▶ **What you should do**: All of the data below should be returned exactly.

(Recorded data)
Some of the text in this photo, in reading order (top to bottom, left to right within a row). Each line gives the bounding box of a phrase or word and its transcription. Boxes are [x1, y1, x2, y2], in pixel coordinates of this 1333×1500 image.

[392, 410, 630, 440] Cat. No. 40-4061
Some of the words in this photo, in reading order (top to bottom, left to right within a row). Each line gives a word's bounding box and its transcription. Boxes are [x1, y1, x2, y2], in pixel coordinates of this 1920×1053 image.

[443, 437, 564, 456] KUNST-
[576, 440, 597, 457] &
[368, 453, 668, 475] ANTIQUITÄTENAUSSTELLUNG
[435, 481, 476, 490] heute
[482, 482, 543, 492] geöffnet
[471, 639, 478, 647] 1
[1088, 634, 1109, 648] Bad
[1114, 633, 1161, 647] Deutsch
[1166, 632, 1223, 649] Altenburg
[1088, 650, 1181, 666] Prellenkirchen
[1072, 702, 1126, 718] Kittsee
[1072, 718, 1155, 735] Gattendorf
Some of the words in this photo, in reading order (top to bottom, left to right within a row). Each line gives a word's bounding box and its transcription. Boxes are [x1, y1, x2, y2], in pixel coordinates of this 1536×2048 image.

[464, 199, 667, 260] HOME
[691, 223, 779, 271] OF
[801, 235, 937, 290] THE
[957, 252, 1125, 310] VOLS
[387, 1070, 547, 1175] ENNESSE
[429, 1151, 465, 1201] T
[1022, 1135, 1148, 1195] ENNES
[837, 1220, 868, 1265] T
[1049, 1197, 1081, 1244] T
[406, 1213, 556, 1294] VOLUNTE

▶ **Response to the exercise**:
Some of the text in this photo, in reading order (top to bottom, left to right within a row). Each line gives the bounding box of a phrase or word and its transcription. Boxes are [x1, y1, x2, y2], in pixel coordinates of this 1333×1500 image.

[392, 410, 630, 440] Cat. No. 40-4061
Some of the words in this photo, in reading order (top to bottom, left to right within a row). Each line gives a word's bounding box and its transcription. Boxes are [x1, y1, x2, y2], in pixel coordinates of this 1920×1053 image.

[443, 437, 564, 456] KUNST-
[576, 440, 597, 457] &
[368, 453, 668, 475] ANTIQUITÄTENAUSSTELLUNG
[435, 481, 476, 490] heute
[482, 482, 543, 492] geöffnet
[471, 639, 478, 647] 1
[1088, 634, 1109, 648] Bad
[1114, 633, 1161, 647] Deutsch
[1166, 632, 1223, 649] Altenburg
[1088, 650, 1181, 666] Prellenkirchen
[1072, 702, 1126, 718] Kittsee
[1072, 718, 1155, 735] Gattendorf
Some of the words in this photo, in reading order (top to bottom, left to right within a row). Each line gives a word's bounding box and its transcription. Boxes are [x1, y1, x2, y2], in pixel coordinates of this 1536×2048 image.

[464, 199, 667, 260] HOME
[691, 223, 779, 271] OF
[801, 235, 937, 290] THE
[957, 252, 1125, 310] VOLS
[387, 1070, 547, 1175] ENNESSE
[429, 1151, 465, 1201] T
[1022, 1135, 1148, 1195] ENNES
[837, 1220, 868, 1265] T
[1049, 1197, 1081, 1244] T
[406, 1213, 556, 1294] VOLUNTE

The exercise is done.